1901 Arizona Comstock Law

By: Malladi Lakshmeeramya

1901 Arizona Comstock Law

In 1901, the Arizona Territorial Legislature codified territorial law that illegalized advertising, causing, or performing abortions anywhere in Arizona. The 1901 code, in conjunction with the federal Comstock Act, regulated the advertisement and accessibility of abortion services and contraceptives in Arizona. The Federal Comstock Act of 1873 had illegalized the distribution of material on contraceptives and abortions through the US Postal Services by labeling contraceptive and abortive material as obscene. After the passage of that federal law, many states and territories, including Arizona, enacted or codified state or territory-level anti-obscenity laws to augment the federal law's effects. Those laws became called Comstock laws, and Arizona's 1901 laws was its Comstock law. The Arizona Comstock law hindered Arizona women's access to abortion services until the mid twentieth century, when state and federal court decisions dismantled Comstock laws nationwide.

In 1873, Anthony Comstock, a member of the Young Man's Christian Association in New York City, New York, lobbied US Congress in Washington, D.C., to strengthen existing anti-obscenity laws that he claimed were too weak. Comstock and others argued that contraception enabled immoral behavior, such as prostitution or sex outside of marriage, by protecting women engaged in those behaviors from becoming pregnant.

On 3 March 1873, US Congress passed the Act of the Suppression of Trade in, and Circulation of, Obscene Literature and Articles of Immoral Use, also called the Comstock Act. The Comstock Act illegalized the distribution of allegedly obscene materials and articles, including those used to prevent contraception or promote abortion, through the US Postal Service.

Following the enactment of the Comstock Act, many states and territories kept or created their own anti-obscenity laws. However, instead of similarly restricting the distribution of material through the postal services as the federal law did, many state and territory laws restricted contraceptive and abortion services and advertisements altogether. Throughout the 1870s, Arizona passed anti-obscenity legislation restricting access to abortions and contraceptives.

In 1901, the twenty-first Arizona Territorial Legislature in Phoenix, Arizona, codified anti-obscenity legislation related to abortion and birth control. Section 288, title 9, of the Arizona Revised Statutes illegalized the creation, distribution, or advertising of materials and information promoting abortion or the prevention of contraception. The law further specified that persons who violated that law were guilty of a misdemeanor, which was punishable by up to six months in jail or a fine of three hundred dollars.
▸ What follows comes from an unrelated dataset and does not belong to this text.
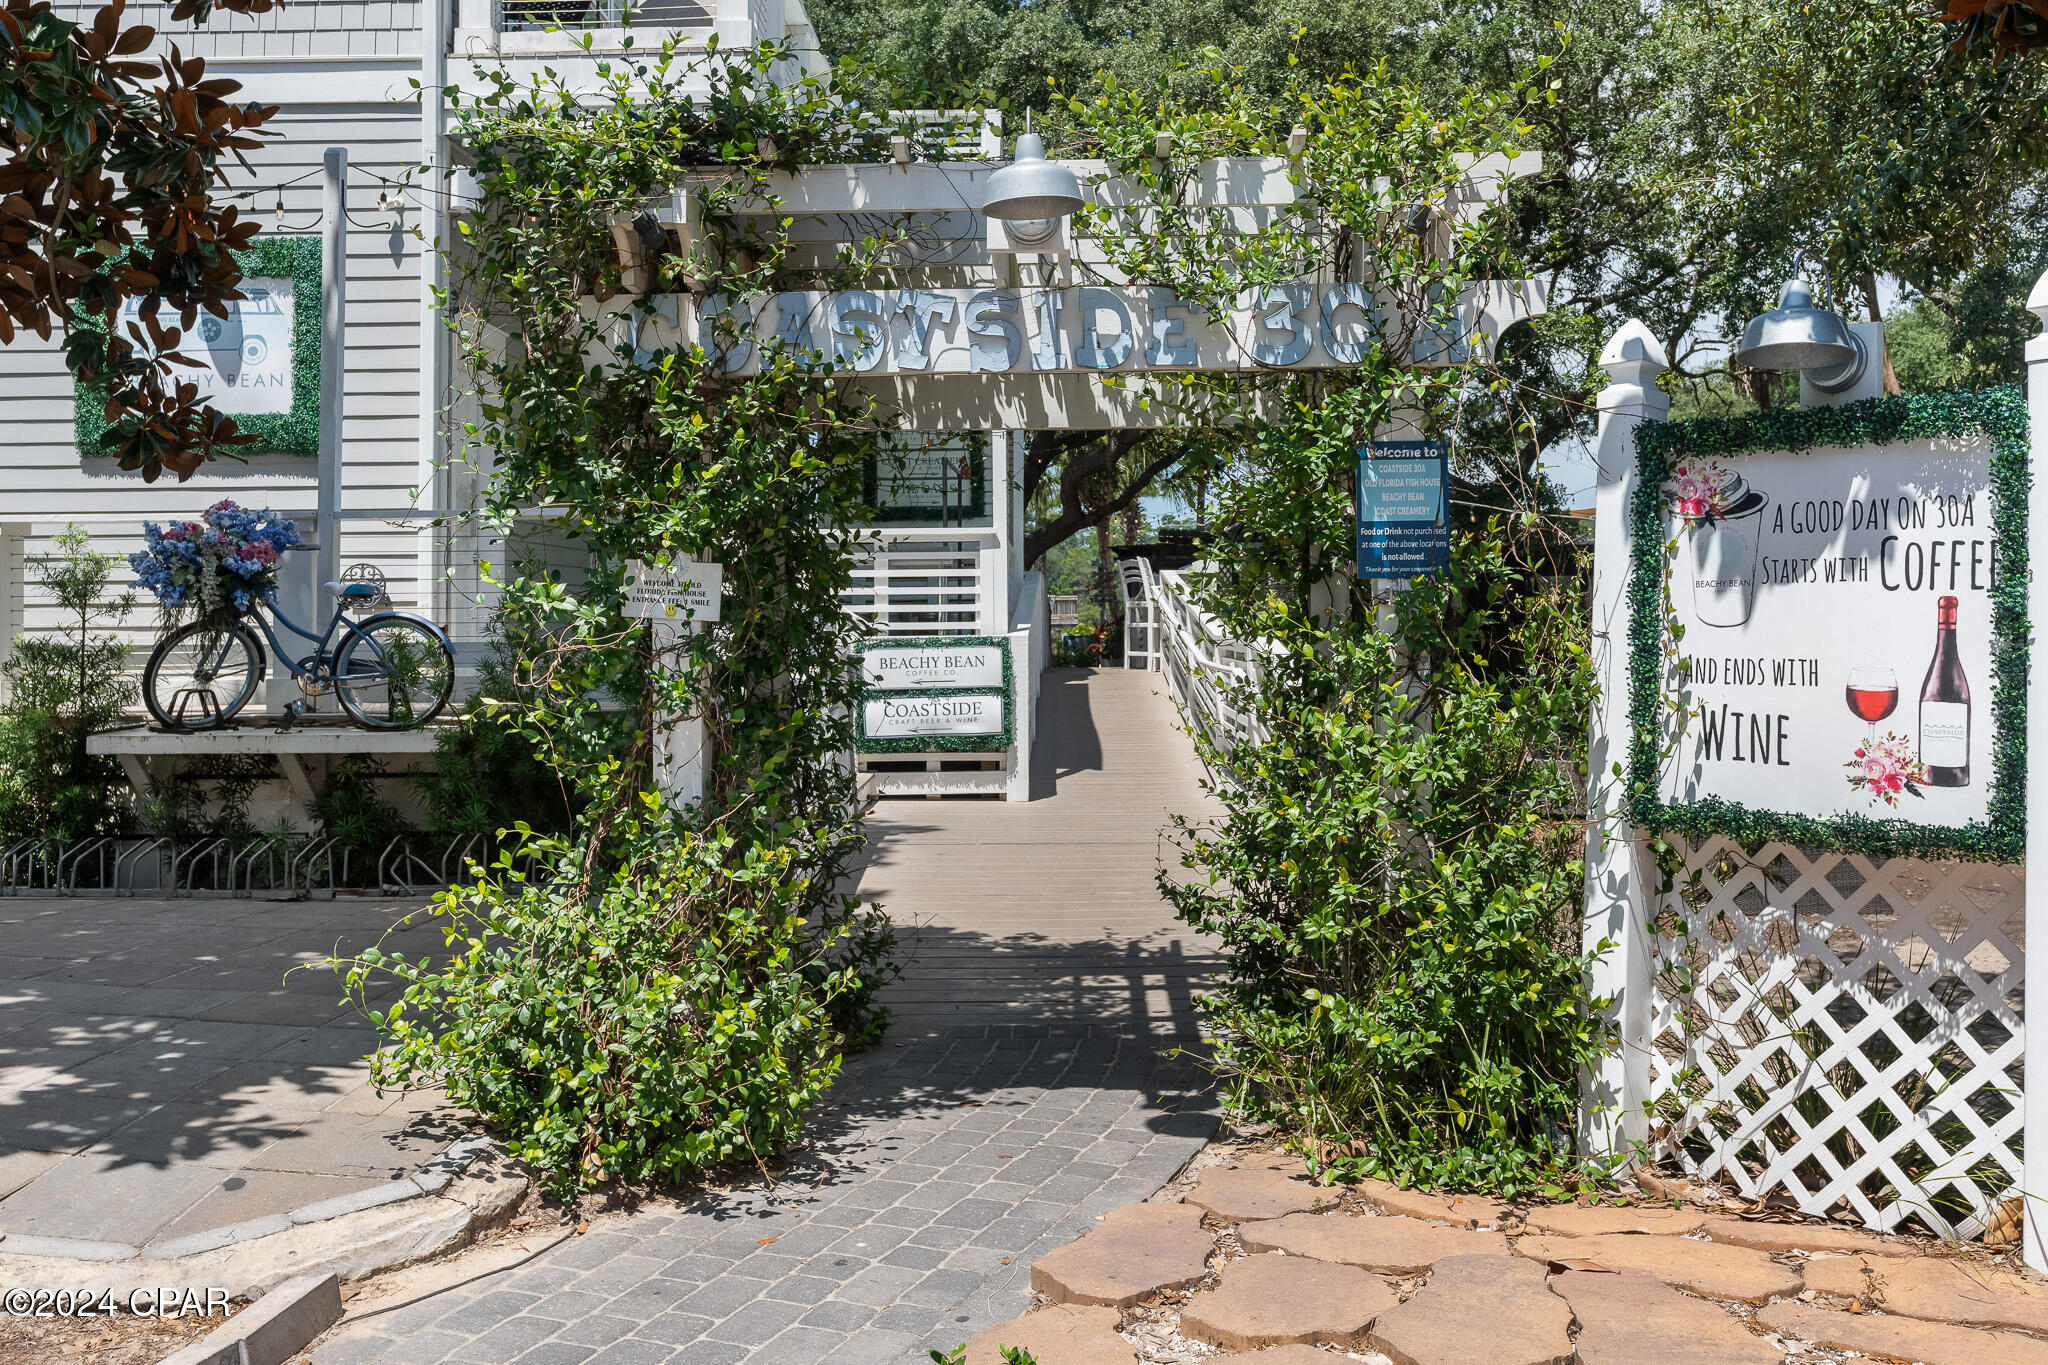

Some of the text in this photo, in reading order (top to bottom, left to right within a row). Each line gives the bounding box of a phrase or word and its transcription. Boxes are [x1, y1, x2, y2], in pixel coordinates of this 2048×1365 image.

Arizona enforced its law restricting access to contraceptives and abortions until 1936, when individuals involved in United States v. One Package of Japanese Pessaries challenged the federal Comstock Act. In that case, the US Court of Appeals for the Second Circuit in New York City, New York, ruled that contraceptives distributed to ensure the health of a woman were not obscene and therefore did not violate the Comstock Act. In effect, the ruling weakened regulations on contraceptives in many states and territories. The Court's decision enabled physicians to distribute contraceptives as long as they believed women's health required it. Although the Arizona law was not officially affected by the 1936 case, the federal ruling set a precedent that weakened state legislation restricting contraception.

In the 1962 case Planned Parenthood Committee v. Maricopa County, Planned Parenthood in Phoenix, Arizona, questioned the constitutionality of the Arizona Comstock law, by then labeled as Arizona Revised Statute section 13-213, which illegalized abortion and birth control advertising. Planned Parenthood argued that the law was unconstitutional as it violated rights to free speech and freedom of the press guaranteed by the First and Fourteenth Amendments to the US Constitution. The Supreme Court of Arizona in Phoenix ruled against Planned Parenthood, stating that the section was constitutional as the state had the authority to regulate advertisements. The Arizona Comstock law restricting access to abortions and contraceptives remained intact.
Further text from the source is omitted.